Our children need stability and security to flourish
Miriam Cates MP | Sunday Express
Children should be seen and not heard; so goes the Victorian adage.
But of course in modern Britain, we have a much more enlightened attitude to our children’s welfare. Don’t we?
Until the coronavirus pandemic, our society placed enormous value on children’s education. We believed that school attendance was so critical to a child’s life chances that we even fined parents for their children’s absence from the classroom.
Another sign of this concern for children was our commitment to keeping them safe. ‘Safeguarding’ had become the watchword for everyone working with young people, with strict policies ensuring all signs of harm are quickly reported.
Yet these apparently unshakeable commitments to our children’s education and safety seemed to evaporate overnight when we closed schools last March. The treatment of our children since then has left me wondering how deeply we really care about them at all.
The implications of school closures are frightening. Between March 2020 and April this year, pupils missed more than half of classroom time and sadly poorer children lost out even more than their wealthier peers.
As a parent and a former teacher, I find it almost laughable that we have pretended that online learning is a substitute for being in school. Primary school children struggle to engage well with online lessons (I speak from exasperated personal experience) and for secondary school children, only the most highly motivated and well-supported students can make meaningful academic progress online.
We can see this from recent reports into how far our children have fallen behind. 200 000 children will leave primary school this year without being able to read, and students in some areas were almost 6 months behind in maths after the first lockdown.
But the educational impacts of school closures are eclipsed by the safeguarding implications, particularly for Britain’s most vulnerable children. When I was a secondary school teacher, one of the most severe punishments for bad behaviour was ‘isolation’, where a student would be separated from their classmates and forced to work alone. There’s a reason why isolation, or ‘solitary confinement’, is used as a punishment by societies the world over; being alone for prolonged periods of time has a severe and well-documented impact on wellbeing.
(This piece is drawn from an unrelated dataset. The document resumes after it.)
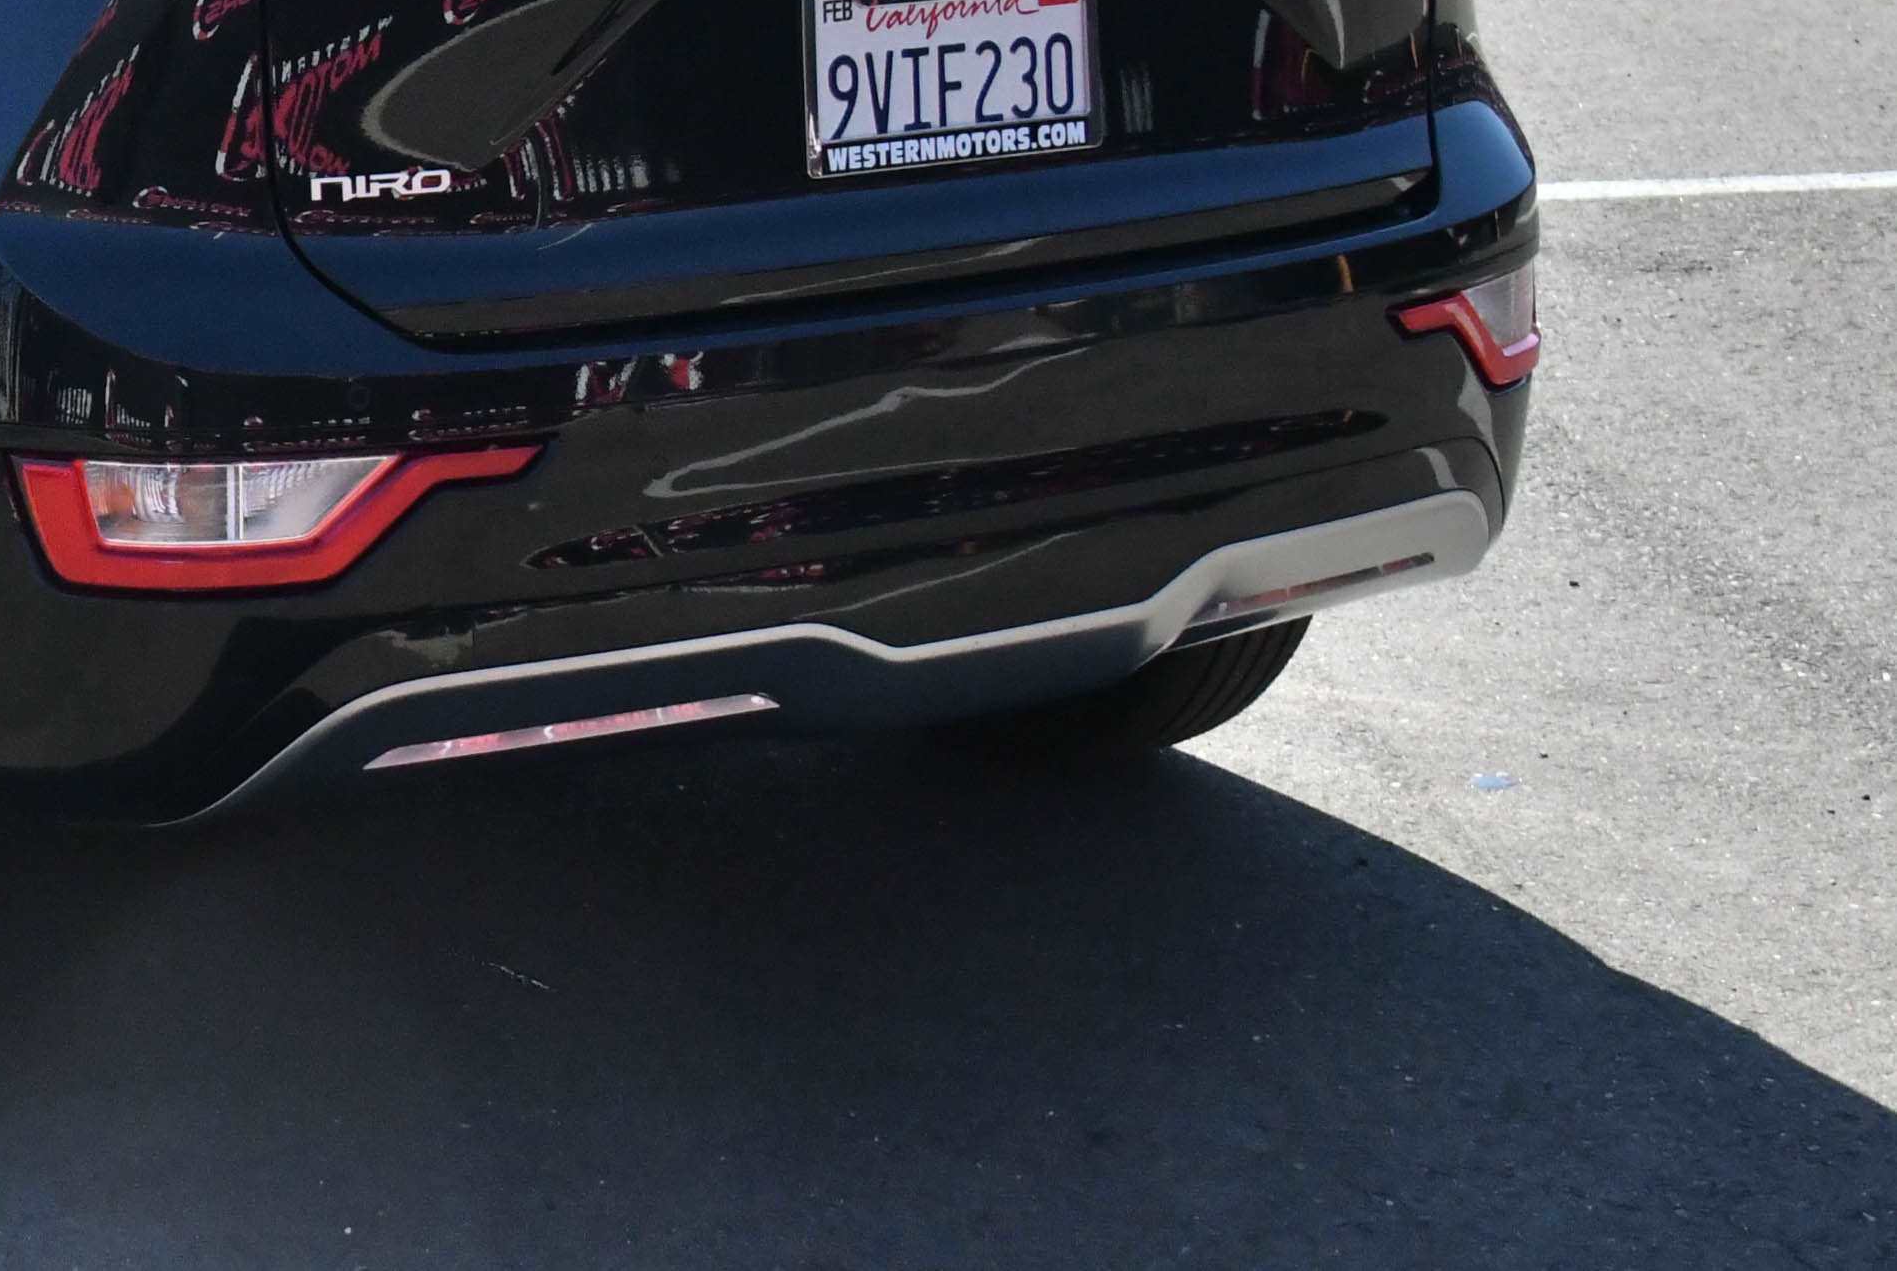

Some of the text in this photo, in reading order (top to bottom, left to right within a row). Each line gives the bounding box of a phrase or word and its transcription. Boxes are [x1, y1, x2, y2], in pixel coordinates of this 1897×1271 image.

[823, 0, 853, 23] FEB
[828, 32, 1074, 141] 9VIF230
[827, 121, 1086, 172] WESTERNMOTORS.COM
[310, 169, 451, 202] NIRO
And yet for much of the last 17 months, many of our children have spent six or more hours a day at home alone, resulting in serious harm for so many. There has been a 77% increase in the number of self-generated sexual images of children on the internet, a doubling of paediatric referrals for eating disorders, and an increase in depression and anxiety.
For far too many children, home is not a safe place; I know of schools in my constituency where teachers have been so worried about the safety of certain pupils that they have made frequent home visits, hoping (in vain) to catch sight of vulnerable children. Even before the pandemic there were nearly 2.2m children in England living in households affected by domestic abuse and addiction.
These are not temporary hiccups to children’s education; the damage caused by isolation will be serious and lifelong.
Of course I welcomed the return to school in March this year, but let’s not pretend things have been back to normal. The psychological impacts of strict anti-mixing rules in schools, not to mention face masks and frequent testing are severe. Many tears have been shed in our house when the dreaded email arrives from school, informing us that ‘your child's bubble is closed, and they must now isolate’ and this anguish is being repeated in hundreds of thousands of homes across the country. Imagine waking up every day, not knowing whether you’ll be allowed to leave your house, see your friends, or receive an education?
Children need stability and security to flourish; instead we have forced them to live in limbo, and even blamed them for spreading the virus to those they love.
I welcome the announcement this week that there will soon be an end to contact isolation for under 18s. But we must ensure that school returns to and continues as normal, whatever happens in the autumn term. Chris Whitty has implied that some COVID restrictions may remain in place until next spring, and we can be sure that once cases of flu and COVID rise again in the autumn term, there will be many who call for schools to close once more.
But if we really value our children and our future, we will resist this call with everything we have. How will our children ever trust us again if we use their education and welfare as a ‘tool’ to manage COVID, a disease that poses almost no risk to the young and against which all vulnerable people have now been offered a vaccine?
Edmund Burke wrote famously that society is a contract ‘between those who are living, those who are dead, and those who are to be born’. If we close our schools again, we will threaten the future of our whole society and tear up this contract.
Children should be seen, and heard, and valued. Our children are our future, and we can never again ask them to make such terrible sacrifices.